Anyway, cardio = boring. You get your heart pumping and you sweat. Whoop de doo. For the first two weeks I put my mp3 player on shuffle & just skipped past any slow tempo songs that popped up. That helped. Then I discovered last week (in keeping with the "no electronics" week at Joe's school) that the Stephen King book I've been reading fits nicely over the display panel of the exercise bike, so I just hold the page open with two fingers & pedal away. Time passes more quickly reading than it does with music and I'm able to keep my heart rate up while reading. Again, go figure!

The most surprising thing: I really enjoy the weight machines. My favorites are a "free motion" rowing machine & the big overhead bent bar pull down thing. It feels so good to stretch & strenghten muscles. I love it! In a million years you couldn't have convinced me that I would love it, but I really do. It feels good doing it and it feels good after. It is most certainly releasing some kind of muscle endorphins or something.

After cardio & strength training (don't I sound like I know what I"m talking about!?) sometimes I just come home, but sometimes I stick around to enjoy the jacuzzi, pool, sauna, and steam room. Why do these things all feel so good?

The bad part is, 3 weeks in, I haven't lost a single pound. All this exercising has stimulated my appetite but apparently not my metabolism. I keep getting hungry like I haven't eaten for days. But oh, I've been eating all right. I need to knock it off!

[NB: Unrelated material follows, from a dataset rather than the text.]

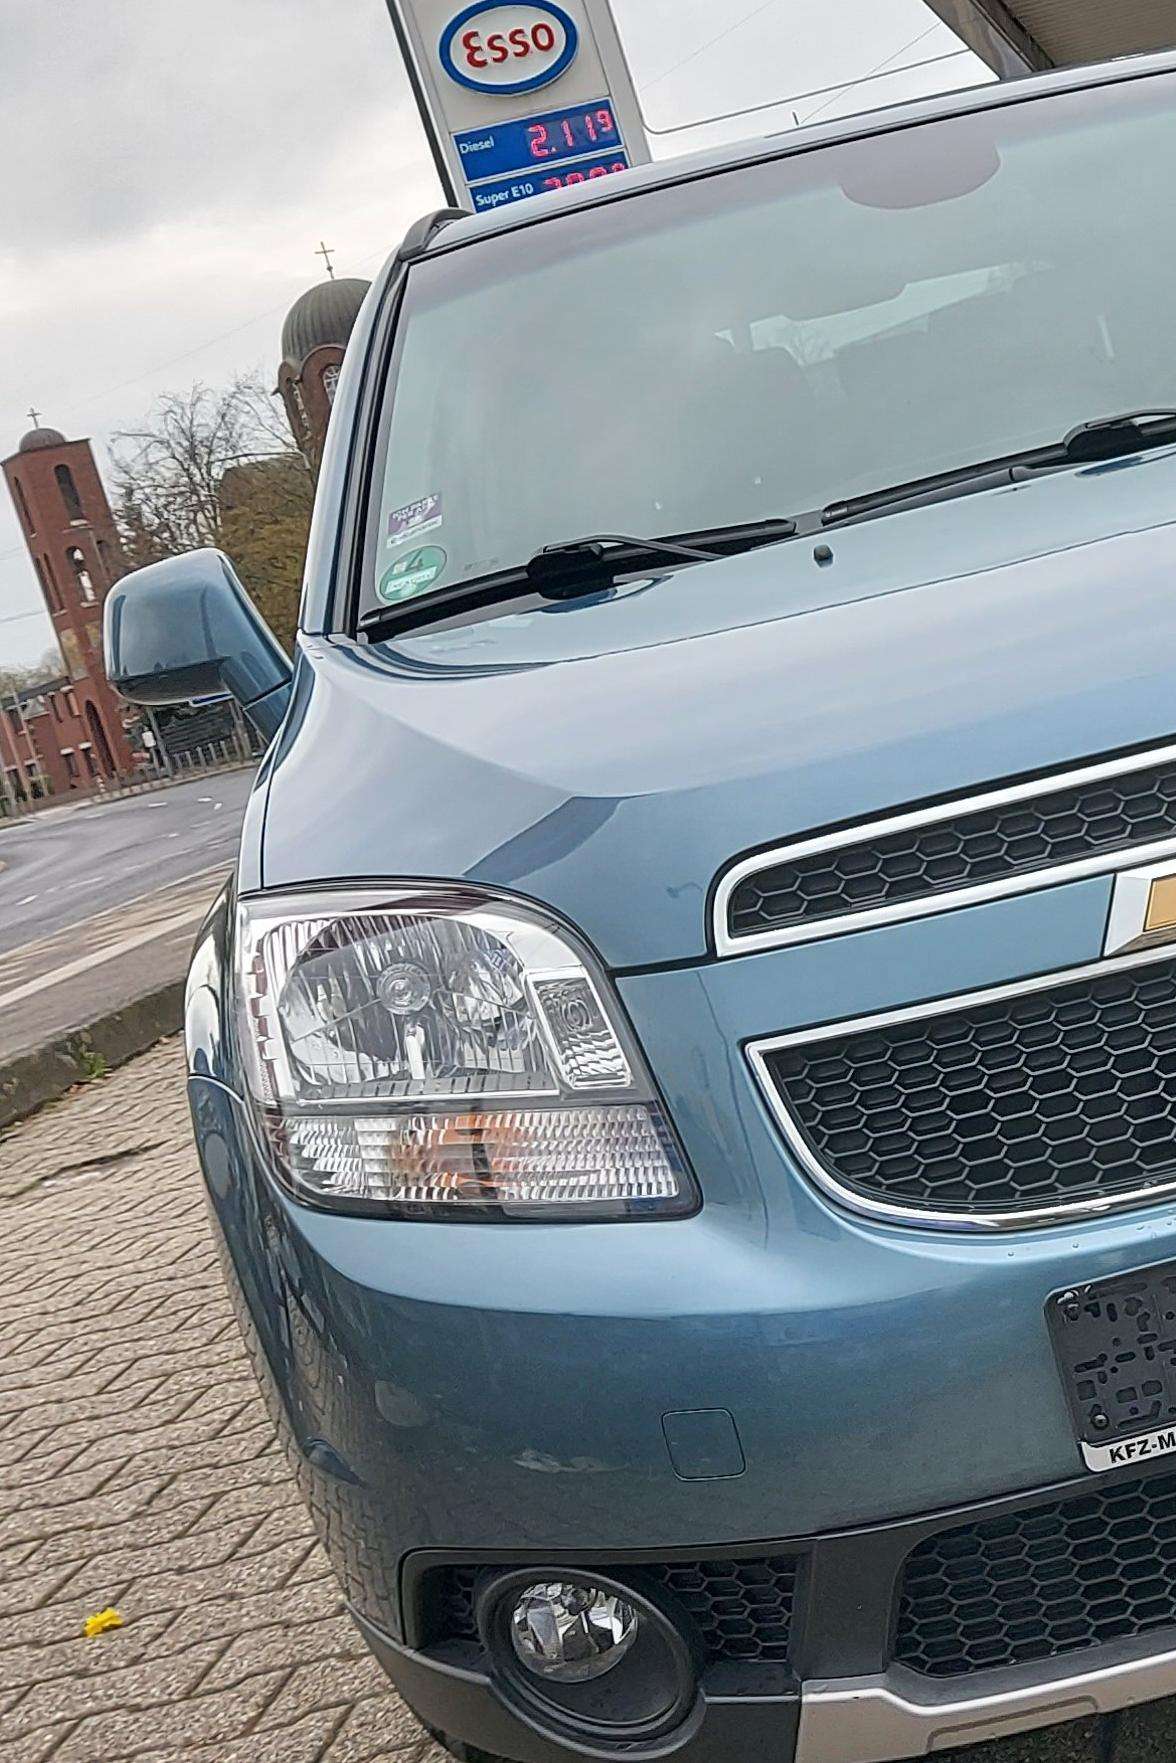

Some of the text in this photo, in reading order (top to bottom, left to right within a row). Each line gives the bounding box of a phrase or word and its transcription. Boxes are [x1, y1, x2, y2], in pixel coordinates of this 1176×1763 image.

So there you go: a new blog post and a new good habit of getting some exercise. People can change. Go figure!

Gilly

*
Okay, so, sorry, I've been pretty lame with the blog. Whatever. My last entry was a total downer. I don't mean to be sad. I'm really pretty happy. See see - look at me - I'm happy - see? Tears of a clown, baby.

Gilly - did you have a dark moment? Gilly? Did you question the existence of God? Of love?

Gilly?

Gilly?

Sorry.

:(

Saturday, January 2, 2010

The Dark

*
Okay, I'm keepin' it real.

I had a pretty dark moment last week. It was raining. Joey was with grandma so I had the afternoon off. I went to the movies ("It's Complicated" -funny, thumbs up). After, I was driving in the rain to go to Sprouts, my favorite produce store. As I was driving, I had this thought. It came to me like a poem, so I will write it as such here, although it wasn't a distant, poetic sentiment; it was intensely real and I felt it hard to the core.

Don't believe in God
Don't believe in love
Don't believe in the kindness of strangers
If comforting arms surrounded me
I would not feel them
I would just disappear
Those things are much too far away from where I am
I don't live there anymore

Okay, so it's a bit derivative lyrically, but there it is. I felt overcome with sadness and loneliness. It was awful. I went to Sprouts and bought a few veggies but my heart wasn't in it. I quit smoking a year ago, and have been successful except for the occasional cheat, like at Indian casinos or on vacation. Anyway, I was desperate for a cigarette because I knew it would make me feel better. There weren't any smokers hanging around Sprouts - much too healthful of a place, damn it - so I drove over to the Target across the street & bummed a smoke off an older lady sitting under the overhang outside the store. Then I drove to the far side of the parking lot, got out of the car (so as not to stink it up) and stood in the now sprinkly rain smoking that cigarette. And you know what? Damn, it was good. I did feel better. I stopped crying and that desperate feeling left me. Then I got back in the car, cleaned my hands on a wet wipe and drove home.